• **TASK INSTRUCTIONS**
The records below need to be set down again exactly; their images stay out.

^^^^

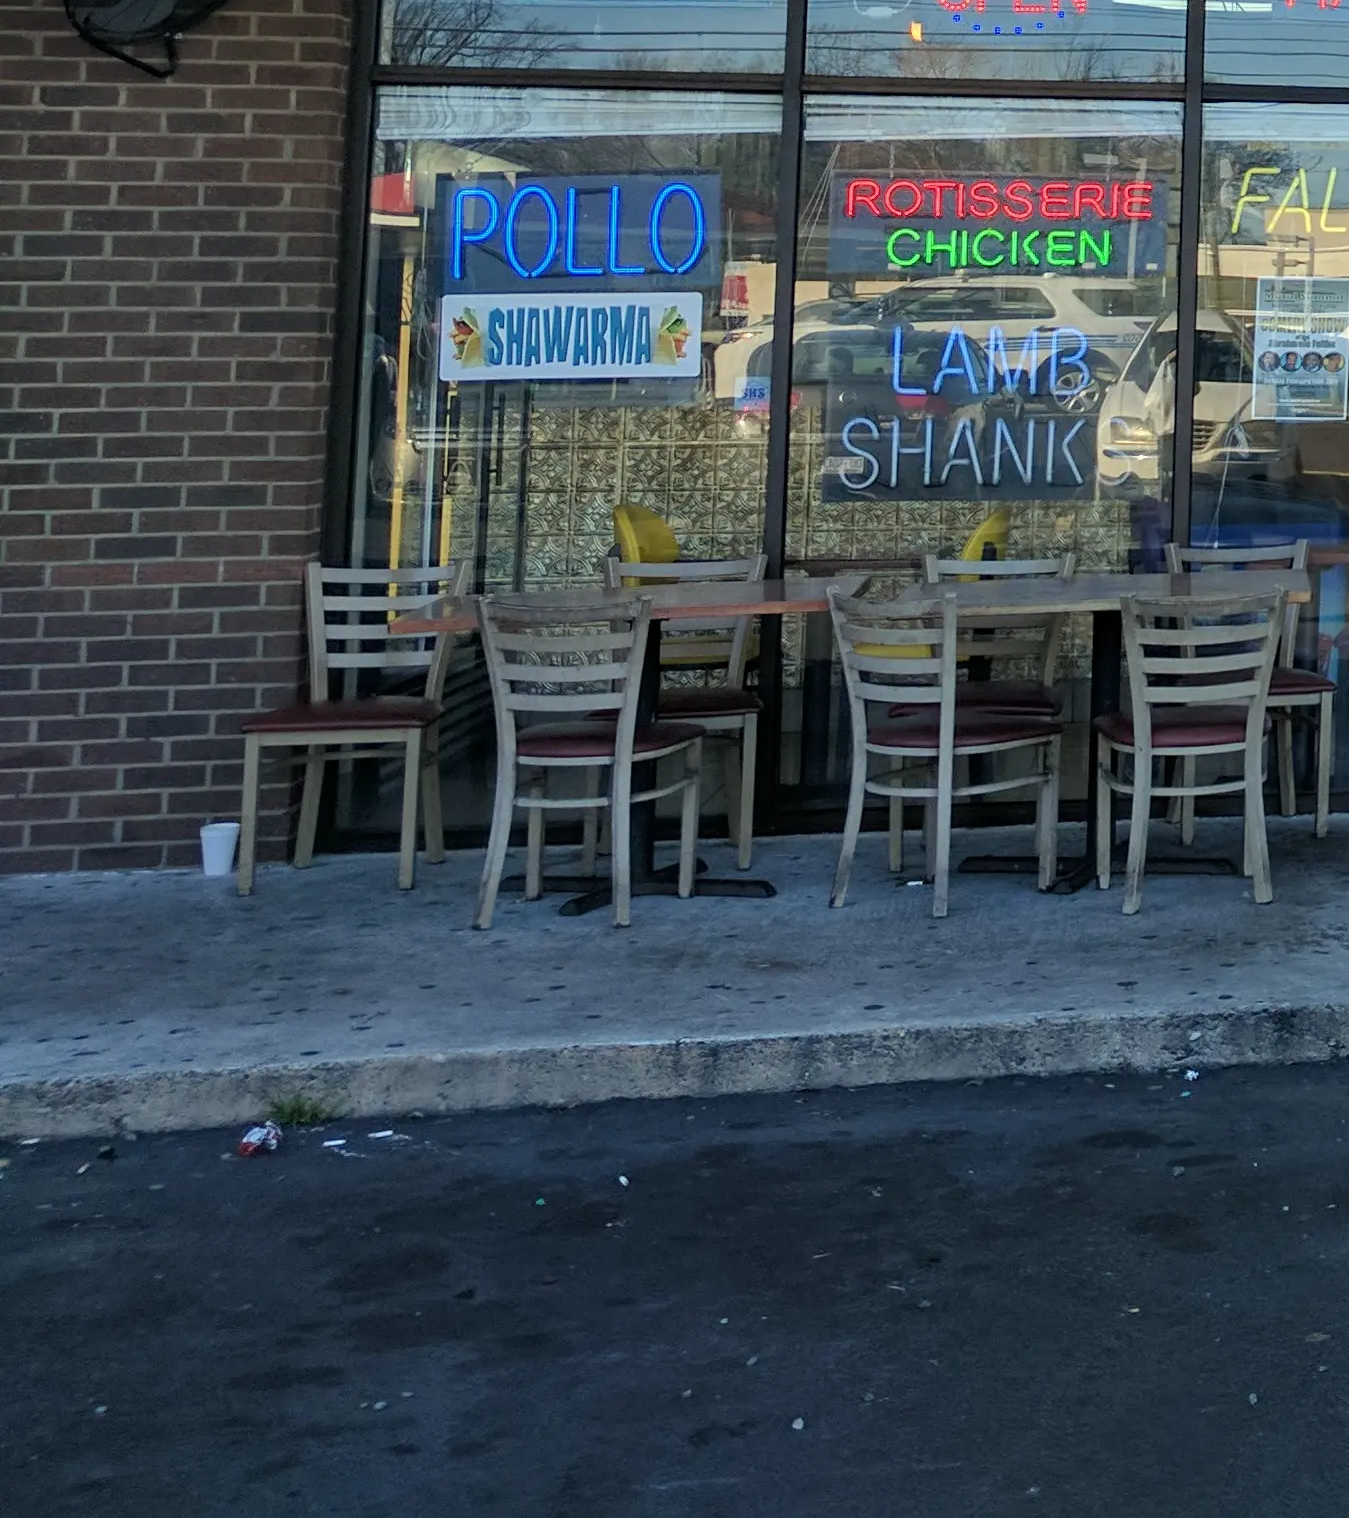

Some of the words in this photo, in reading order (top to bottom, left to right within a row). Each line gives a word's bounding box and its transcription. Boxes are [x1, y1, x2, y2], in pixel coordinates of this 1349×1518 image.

[451, 182, 707, 280] POLLO
[845, 178, 1153, 223] ROTISSERIE
[885, 228, 1113, 269] CHICKEN
[487, 304, 652, 366] SHAWARMA
[891, 325, 1093, 396] LAMB
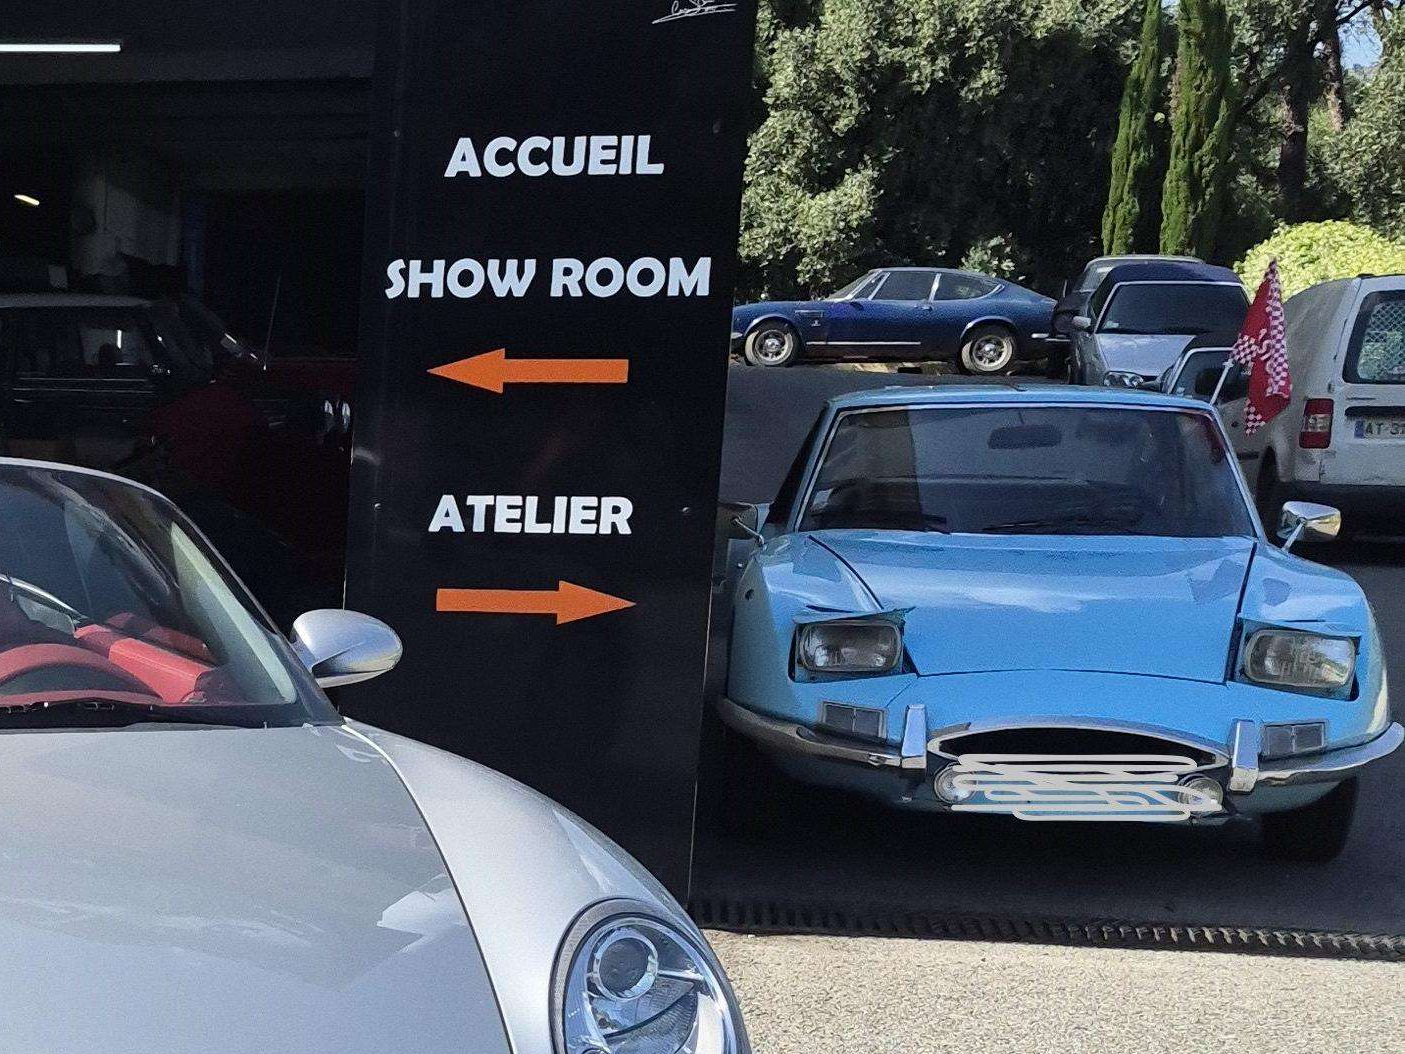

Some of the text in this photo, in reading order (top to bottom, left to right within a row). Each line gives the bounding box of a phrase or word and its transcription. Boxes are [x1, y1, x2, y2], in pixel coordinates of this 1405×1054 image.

[443, 134, 665, 178] ACCUEIL
[385, 256, 712, 300] SHOW ROOM
[1365, 421, 1405, 435] AT-3
[427, 494, 634, 535] ATELIER
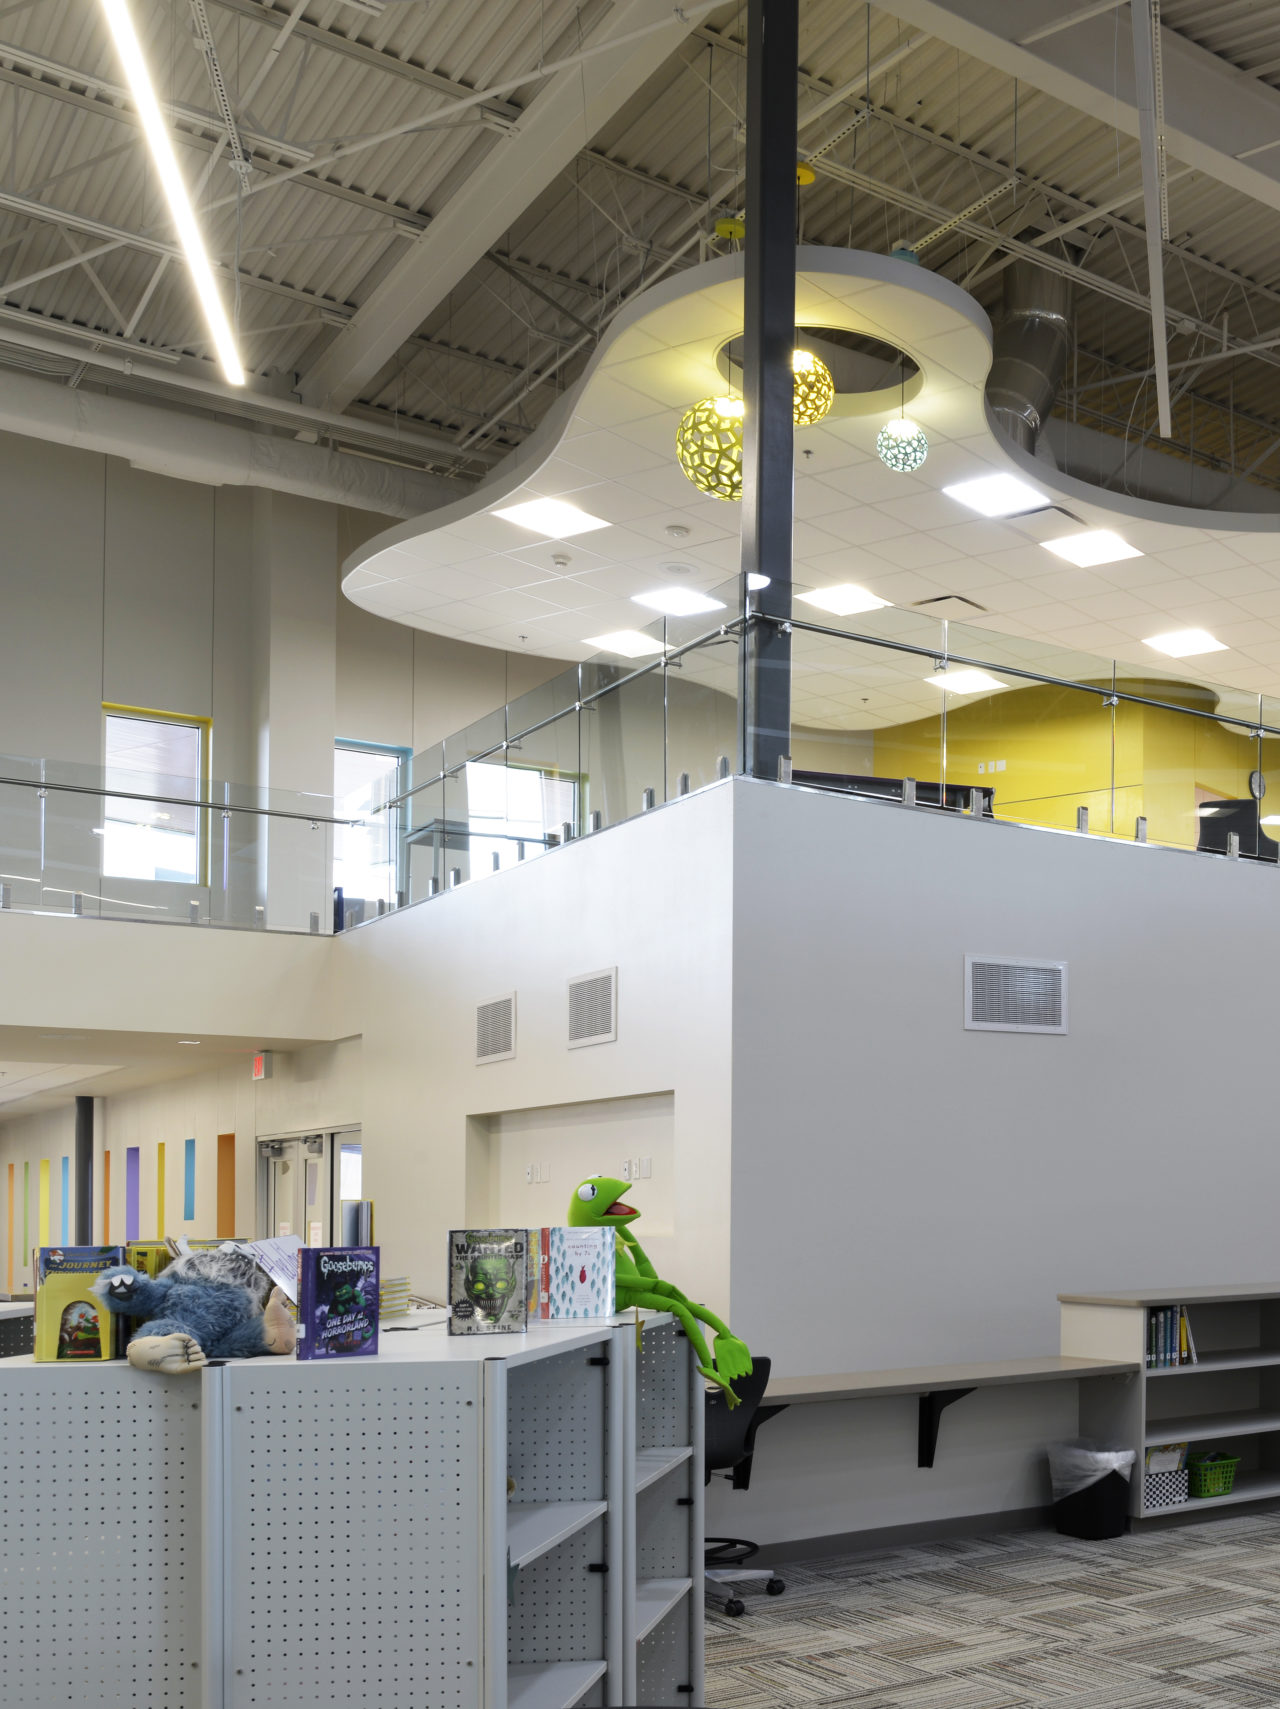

^^^^

• **ANSWER BOX**
Some of the words in this photo, in reading order (top to bottom, left to right within a row). Each line gives a word's bounding box and its transcription. Boxes are [x1, y1, x2, y2], in pixel coordinates of this 1349×1518 image.

[451, 182, 707, 280] POLLO
[845, 178, 1153, 223] ROTISSERIE
[885, 228, 1113, 269] CHICKEN
[487, 304, 652, 366] SHAWARMA
[891, 325, 1093, 396] LAMB

Some of the text in this photo, in reading order (top to bottom, left to right within a row). Each line gives the bounding box of a phrase or word and its transcription. Boxes are [x1, y1, x2, y2], in pixel coordinates of this 1405×1054 image.

[443, 134, 665, 178] ACCUEIL
[385, 256, 712, 300] SHOW ROOM
[1365, 421, 1405, 435] AT-3
[427, 494, 634, 535] ATELIER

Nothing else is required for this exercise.